* [TASK STATEMENT]
Once the pictures are set aside, transcribe each line of the data exactly.

◇ ◇ ◇

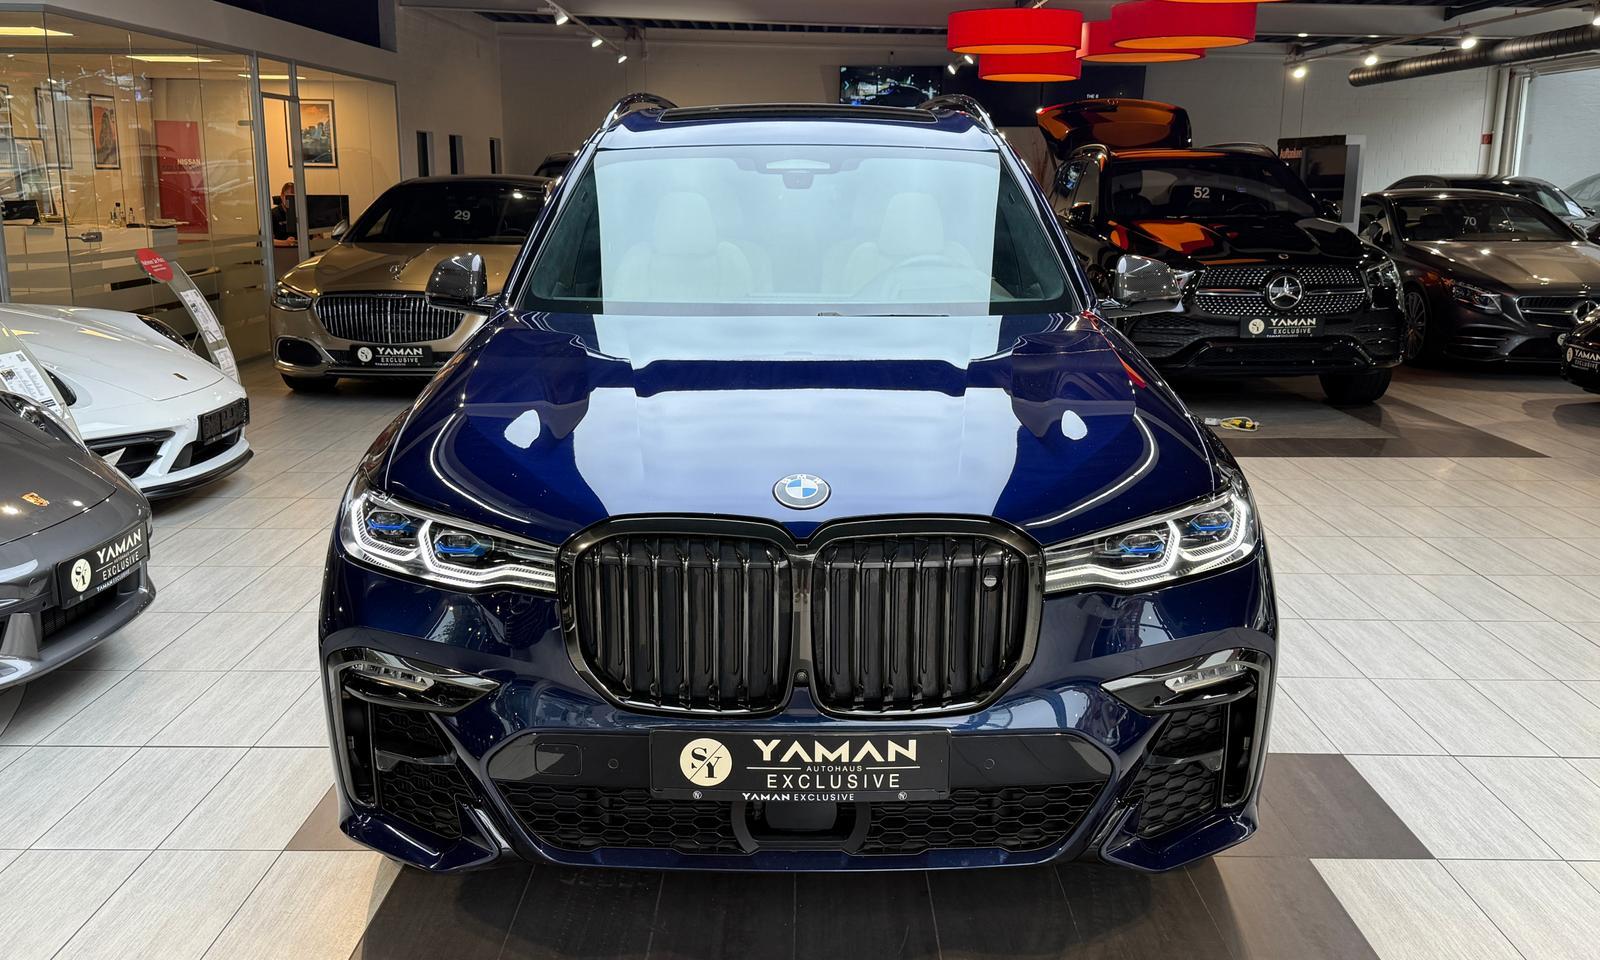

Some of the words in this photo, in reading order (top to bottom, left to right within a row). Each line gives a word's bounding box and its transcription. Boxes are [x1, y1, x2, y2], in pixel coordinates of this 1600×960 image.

[177, 158, 201, 166] NISSAN
[1193, 186, 1210, 199] 52
[454, 209, 471, 221] 29
[1463, 215, 1477, 226] 70
[1270, 317, 1317, 327] YAMAN
[376, 347, 423, 355] YAMAN
[96, 528, 142, 565] YAMAN
[102, 551, 140, 581] EXCLUSIVE
[752, 738, 917, 763] YAMAN
[806, 765, 863, 773] AUTOHAUS
[766, 773, 900, 789] EXCLUSIVE
[742, 792, 791, 801] YAMAN
[793, 793, 855, 802] EXCLUSIVE
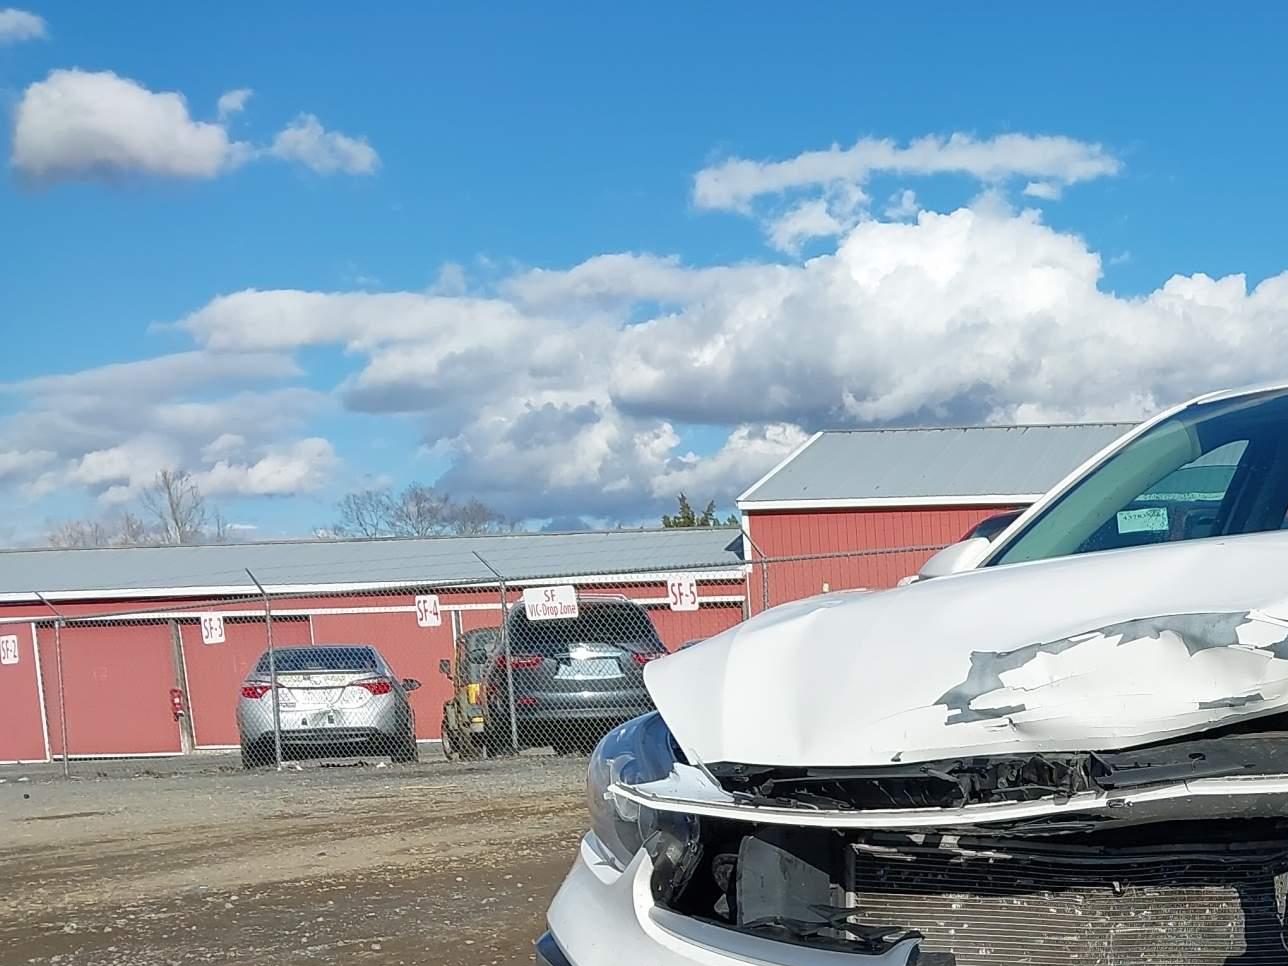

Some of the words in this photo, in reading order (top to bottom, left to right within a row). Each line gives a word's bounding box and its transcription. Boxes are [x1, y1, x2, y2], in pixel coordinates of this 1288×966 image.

[544, 588, 557, 603] SF
[671, 582, 696, 606] SF-5
[417, 599, 439, 623] SF-4
[558, 601, 577, 615] Zone
[204, 618, 223, 640] SF-3
[1, 640, 18, 660] SF-2
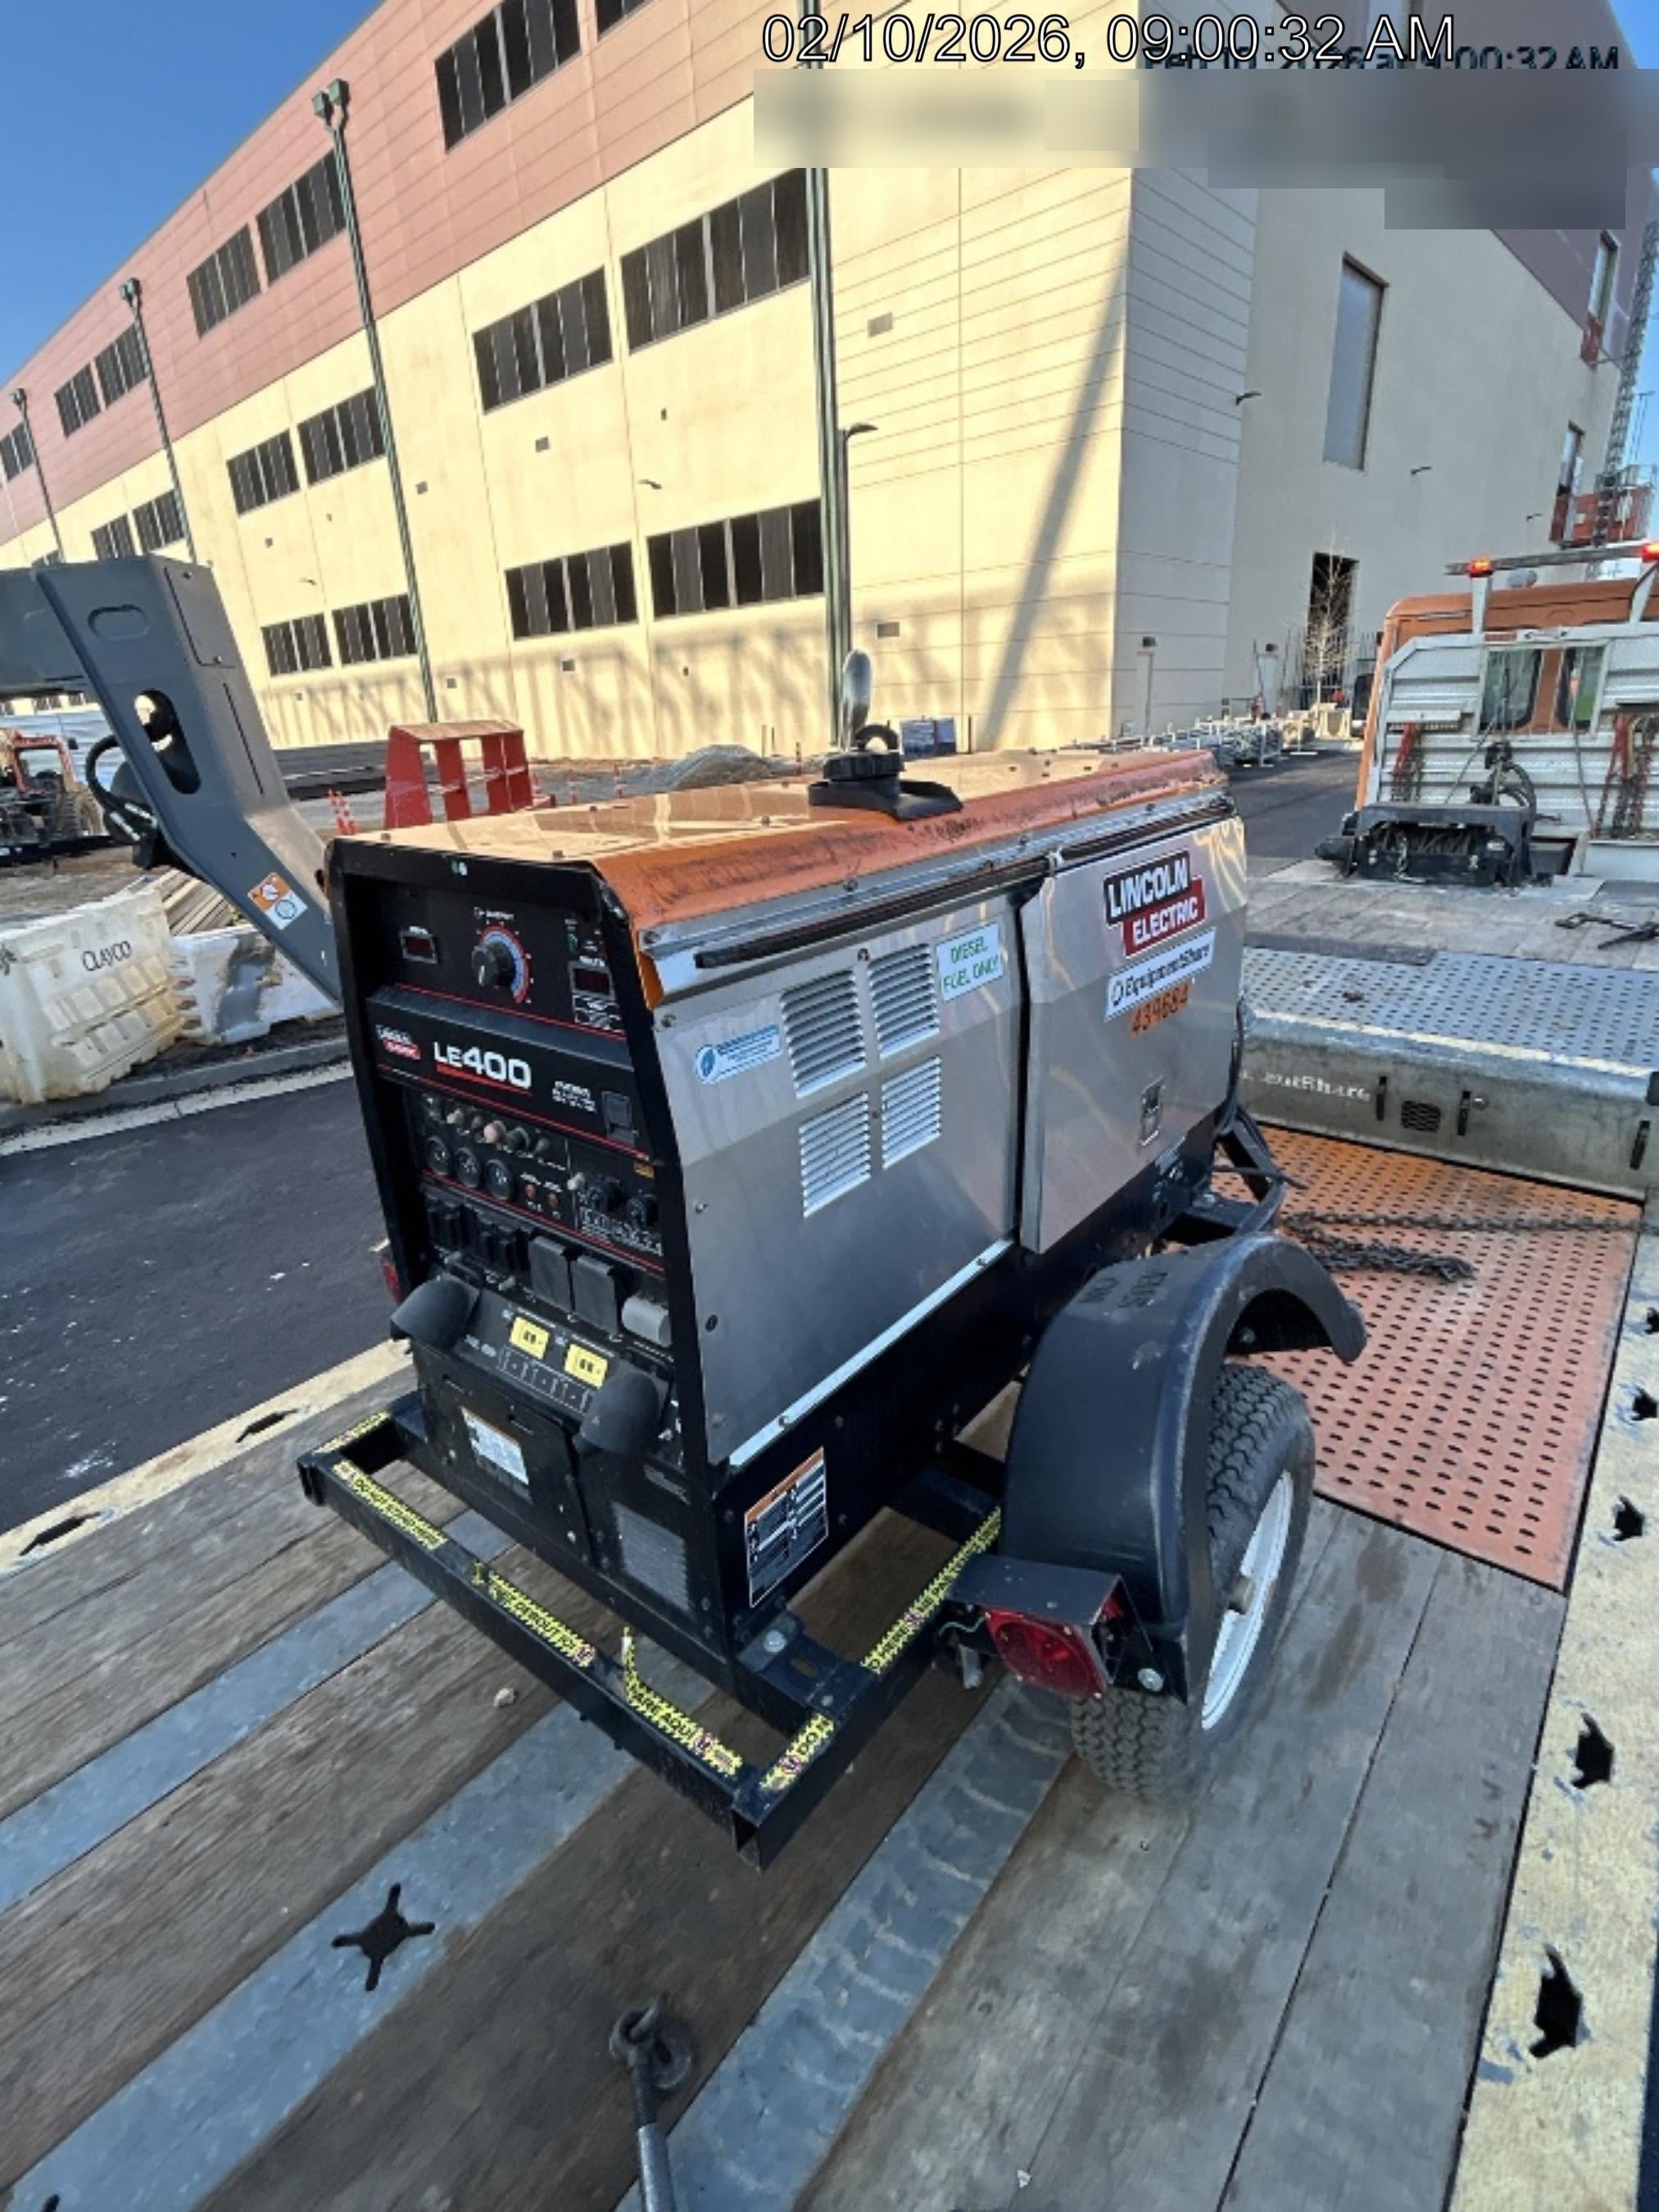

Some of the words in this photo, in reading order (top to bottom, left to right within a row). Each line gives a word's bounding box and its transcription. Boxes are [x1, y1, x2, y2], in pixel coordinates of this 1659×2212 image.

[1108, 857, 1189, 918] LINCOLN
[1132, 896, 1199, 945] ELECTRIC
[943, 968, 972, 993] FUEL
[972, 954, 999, 979] ONLY
[950, 936, 989, 963] DIESEL
[433, 1041, 533, 1090] LE400

◇ ◇ ◇

* [RESULT OF THE TASK]
Some of the words in this photo, in reading order (top to bottom, left to right within a row). Each line gives a word's bounding box and its transcription. Boxes are [x1, y1, x2, y2], in pixel coordinates of this 1600×960 image.

[177, 158, 201, 166] NISSAN
[1193, 186, 1210, 199] 52
[454, 209, 471, 221] 29
[1463, 215, 1477, 226] 70
[1270, 317, 1317, 327] YAMAN
[376, 347, 423, 355] YAMAN
[96, 528, 142, 565] YAMAN
[102, 551, 140, 581] EXCLUSIVE
[752, 738, 917, 763] YAMAN
[806, 765, 863, 773] AUTOHAUS
[766, 773, 900, 789] EXCLUSIVE
[742, 792, 791, 801] YAMAN
[793, 793, 855, 802] EXCLUSIVE

Some of the words in this photo, in reading order (top to bottom, left to right within a row). Each line gives a word's bounding box and its transcription. Boxes are [x1, y1, x2, y2], in pixel coordinates of this 1288×966 image.

[544, 588, 557, 603] SF
[671, 582, 696, 606] SF-5
[417, 599, 439, 623] SF-4
[558, 601, 577, 615] Zone
[204, 618, 223, 640] SF-3
[1, 640, 18, 660] SF-2

Some of the words in this photo, in reading order (top to bottom, left to right within a row). Each line gives a word's bounding box and its transcription. Boxes are [x1, y1, x2, y2], in pixel coordinates of this 1659×2212 image.

[1108, 857, 1189, 918] LINCOLN
[1132, 896, 1199, 945] ELECTRIC
[943, 968, 972, 993] FUEL
[972, 954, 999, 979] ONLY
[950, 936, 989, 963] DIESEL
[433, 1041, 533, 1090] LE400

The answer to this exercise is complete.